> What needs to be done:
Take the line that contains "Some of the text" in the data below and each line after it, through the last, and repeat them unchanged.

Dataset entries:
------------------------------------------------------------
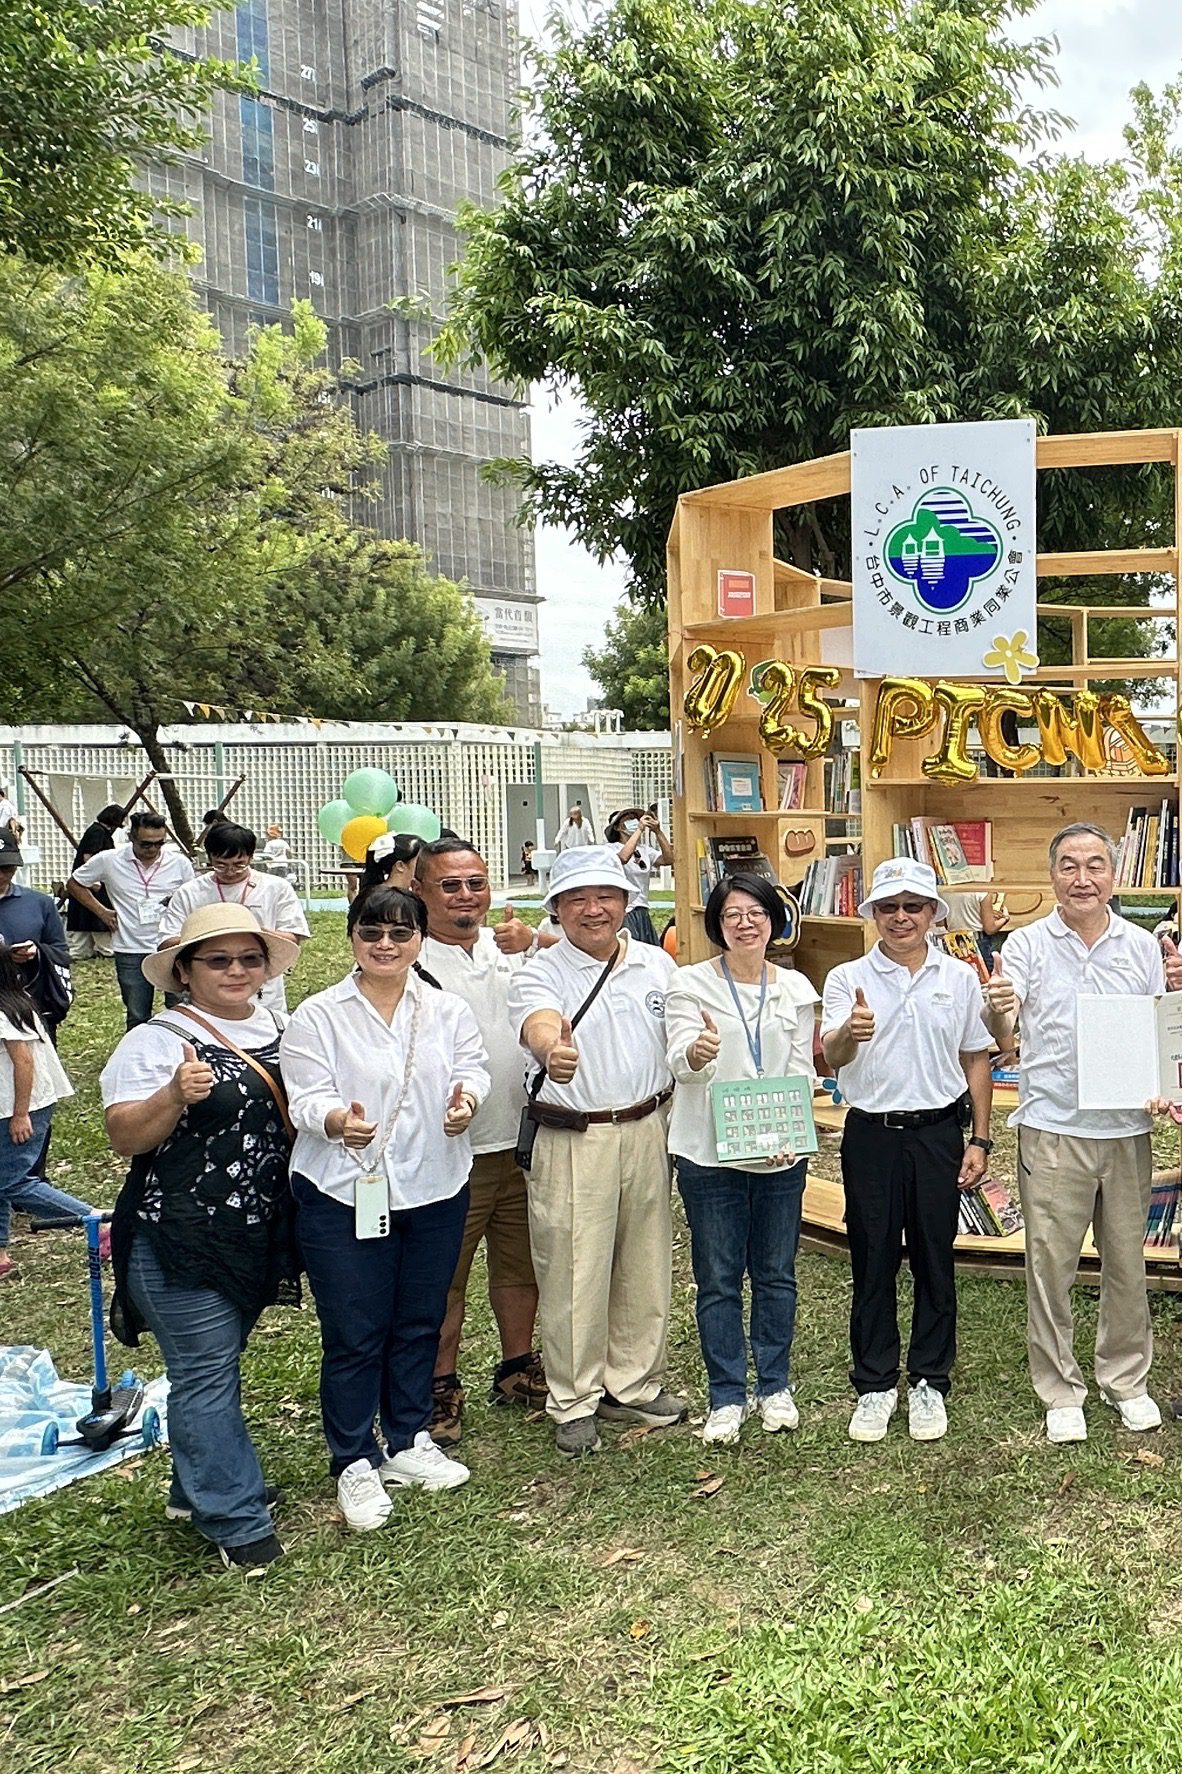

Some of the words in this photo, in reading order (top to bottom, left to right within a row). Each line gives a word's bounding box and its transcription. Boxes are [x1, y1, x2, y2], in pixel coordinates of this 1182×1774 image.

[863, 485, 911, 538] L.C.A.
[919, 465, 940, 485] OF
[951, 465, 1022, 532] TAICHUNG
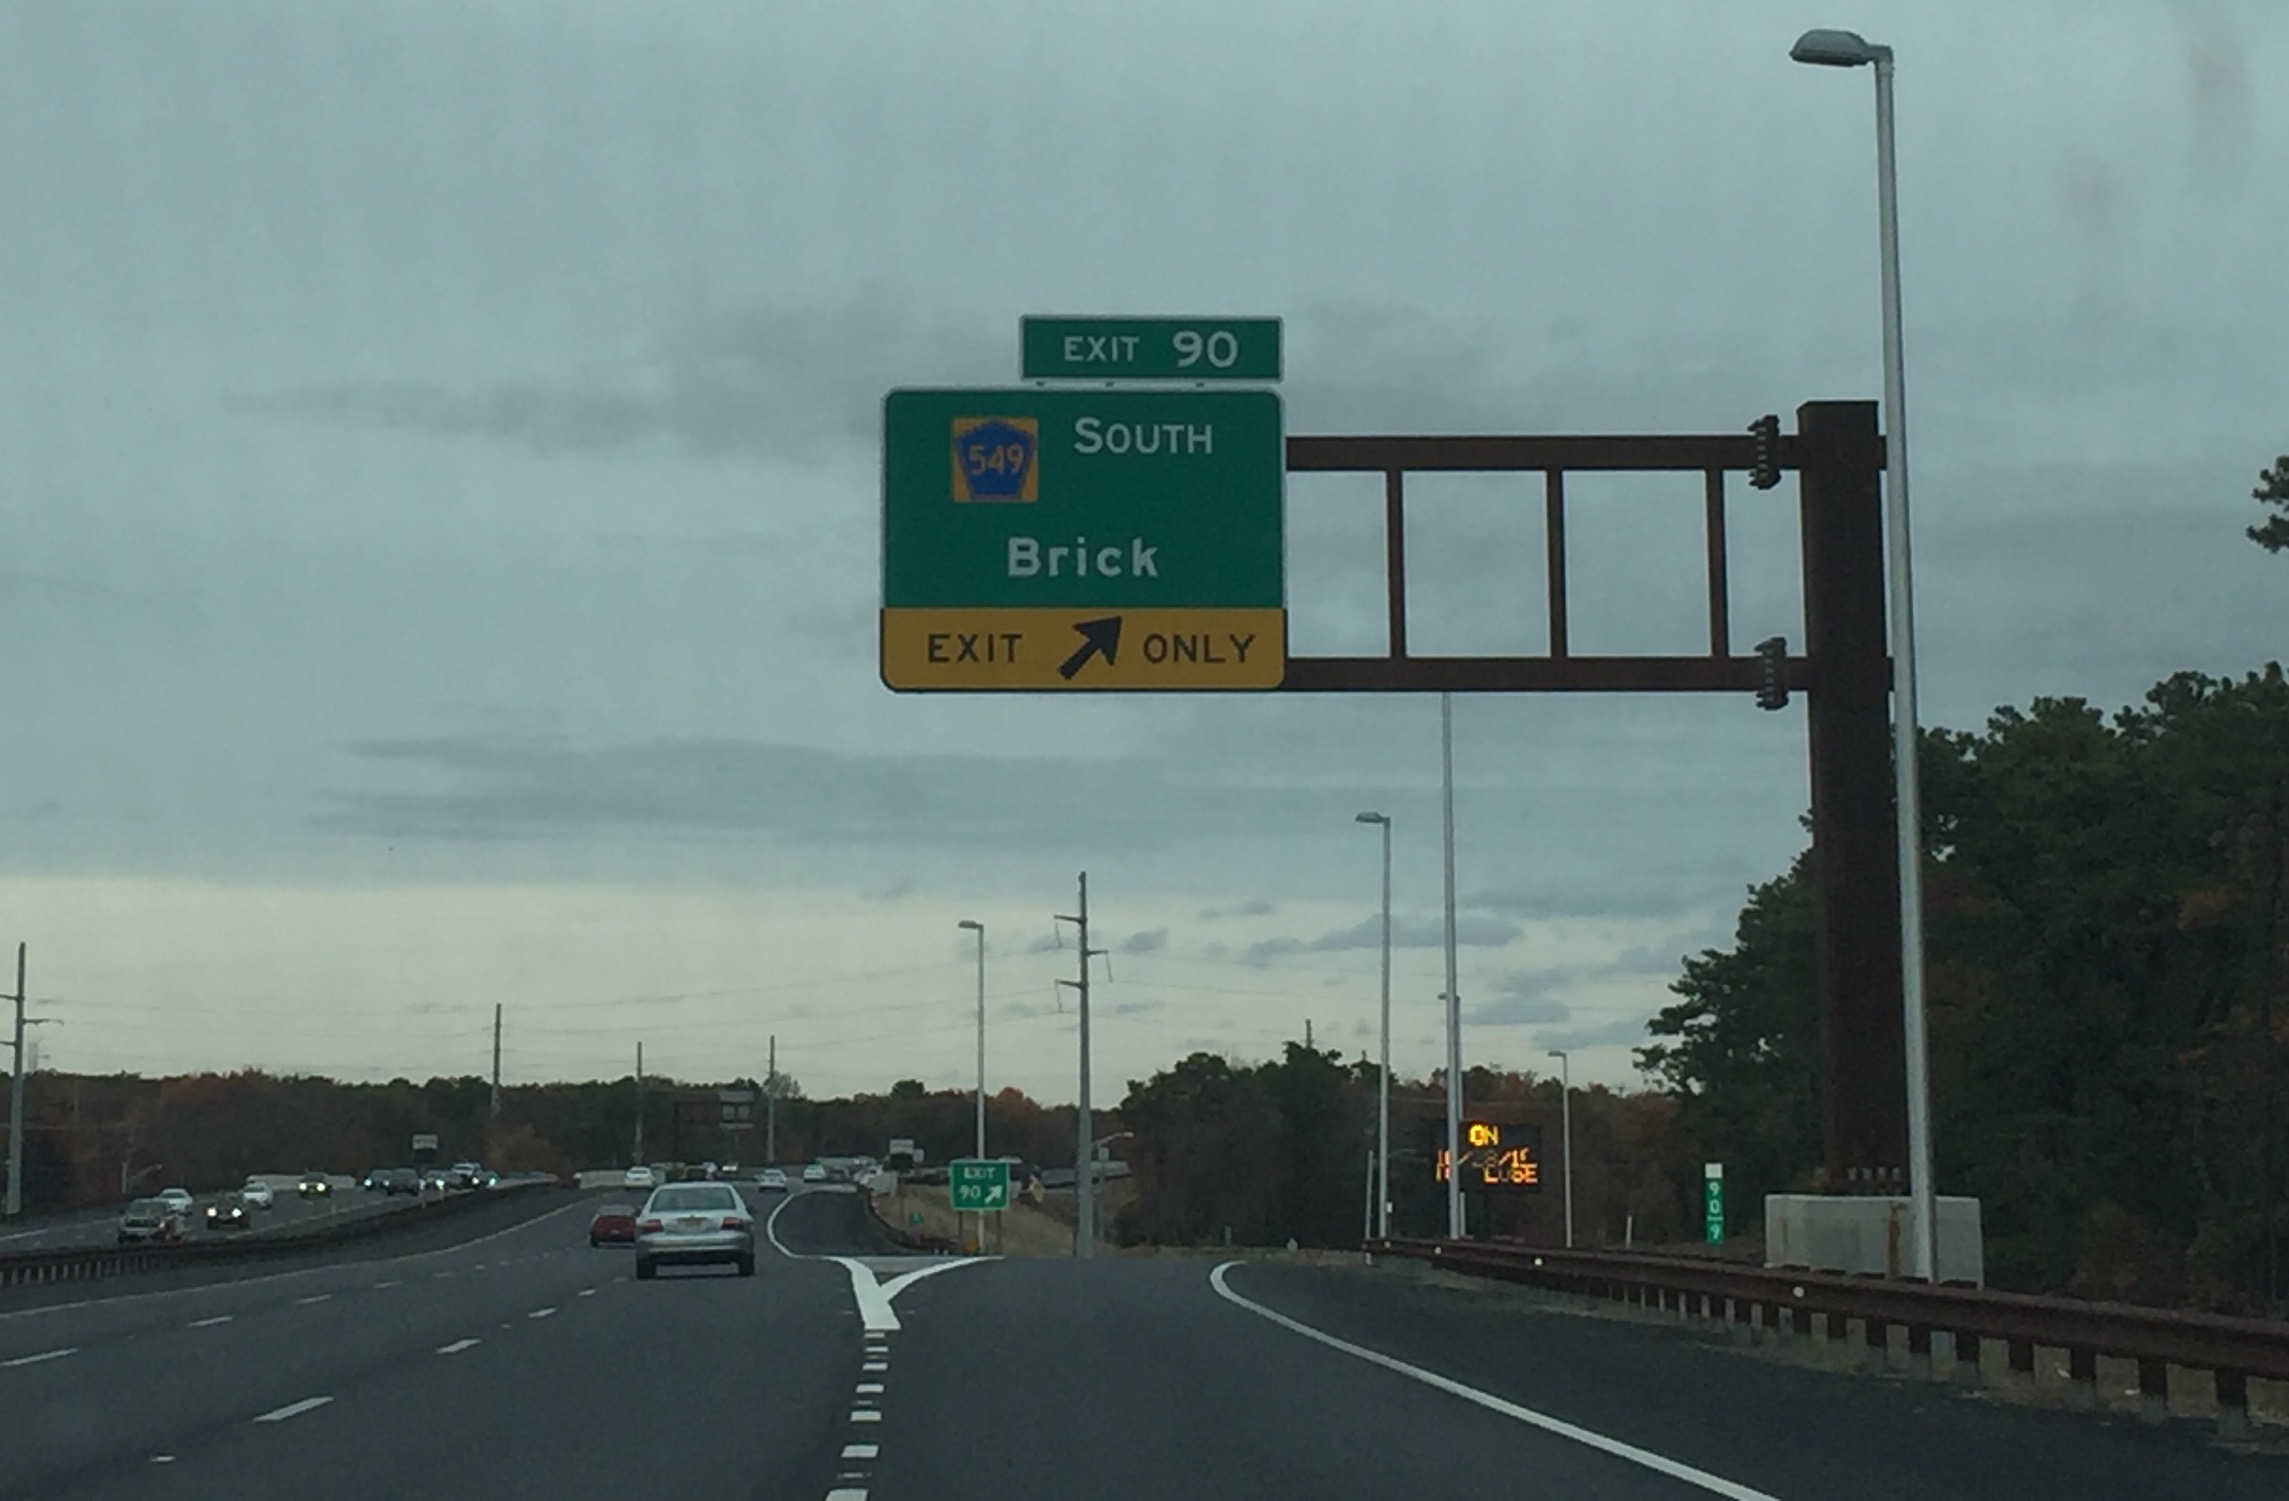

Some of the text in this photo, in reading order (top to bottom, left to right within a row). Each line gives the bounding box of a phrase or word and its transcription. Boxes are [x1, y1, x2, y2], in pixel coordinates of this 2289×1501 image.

[1063, 331, 1239, 367] EXIT 90
[968, 443, 1024, 476] 549
[1007, 537, 1159, 577] Brick
[928, 633, 1255, 664] EXIT ONLY
[1469, 1124, 1498, 1146] ON
[964, 1167, 996, 1178] EXIT
[959, 1184, 981, 1200] 90
------------------------------------------------------------
> Your solution:
Some of the text in this photo, in reading order (top to bottom, left to right within a row). Each line gives the bounding box of a phrase or word and its transcription. Boxes are [x1, y1, x2, y2], in pixel coordinates of this 2289×1501 image.

[1063, 331, 1239, 367] EXIT 90
[968, 443, 1024, 476] 549
[1007, 537, 1159, 577] Brick
[928, 633, 1255, 664] EXIT ONLY
[1469, 1124, 1498, 1146] ON
[964, 1167, 996, 1178] EXIT
[959, 1184, 981, 1200] 90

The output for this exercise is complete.